デバイスを実際につけるのは猫様なのですが、飼い主さんが猫様につけてあげたいと感じるかが非常に大事です。コットンやシルクといったさまざまな素材や50以上の色のバリエーションを用意していて、デザイン性も大事にしています。大切な人にかっこ悪いものはつけてもらいたくありません。CatlogもCatlog Boardも、飼い主さんが猫様につけたくなるようなデバイスであること、そして猫様にとってまったく負担にならないということを一番に考えて作っています。
中村:きちんとした形のトラッキングで得られたデータがあるからこそ変化がわかるし、さまざまな活用法が考えられると思います。データは、それをどう分析するか、それとユースケースが大切です。データがあるだけでは意味がないので、飼い主が積極的に分析に関わって活用するものだということになれば、日本そのものも、もう少し元気になる気がします。

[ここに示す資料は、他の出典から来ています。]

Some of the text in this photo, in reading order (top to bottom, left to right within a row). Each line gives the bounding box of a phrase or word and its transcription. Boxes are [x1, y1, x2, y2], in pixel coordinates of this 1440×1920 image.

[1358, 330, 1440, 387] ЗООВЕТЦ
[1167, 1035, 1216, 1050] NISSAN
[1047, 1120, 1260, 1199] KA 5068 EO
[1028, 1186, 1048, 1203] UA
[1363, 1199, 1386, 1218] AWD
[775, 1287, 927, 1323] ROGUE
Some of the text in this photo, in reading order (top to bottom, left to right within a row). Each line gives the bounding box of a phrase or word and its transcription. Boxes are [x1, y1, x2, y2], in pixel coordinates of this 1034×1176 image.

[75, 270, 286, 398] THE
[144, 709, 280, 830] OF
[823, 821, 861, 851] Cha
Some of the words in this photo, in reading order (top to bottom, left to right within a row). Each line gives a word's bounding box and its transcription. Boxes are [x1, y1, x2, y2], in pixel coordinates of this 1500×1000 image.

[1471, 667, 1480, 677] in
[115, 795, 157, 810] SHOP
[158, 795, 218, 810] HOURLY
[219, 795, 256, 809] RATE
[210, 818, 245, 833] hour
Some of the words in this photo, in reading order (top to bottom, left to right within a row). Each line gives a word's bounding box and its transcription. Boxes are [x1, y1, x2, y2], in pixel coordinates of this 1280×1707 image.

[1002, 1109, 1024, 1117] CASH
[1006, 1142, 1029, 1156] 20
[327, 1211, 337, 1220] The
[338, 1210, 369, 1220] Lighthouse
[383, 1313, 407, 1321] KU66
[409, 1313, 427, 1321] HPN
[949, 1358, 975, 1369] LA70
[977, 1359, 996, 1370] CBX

ひと昔前、ペットという言葉には愛玩動物というニュアンスが多分に含まれていた。しかし今は、家族という意味が第一義になっているのではないだろうか。大切な家族とはさまざまな形で関わり合いたいし、思いを伝え合いたい。言語やボディーランゲージの部分では、飼い主のオリジナリティが発揮できるだろう。
しかし、医療にまで役立てることができるデータ取得に関しては、Catlogがデバイスとしての能力をいかんなく発揮してくれるはずだ。飼い主も猫様も元気で暮らし、健やかな関係性を保ちながら日々の暮らしを楽しんでいく上で、大きな役割を果たしてくれるにちがいない。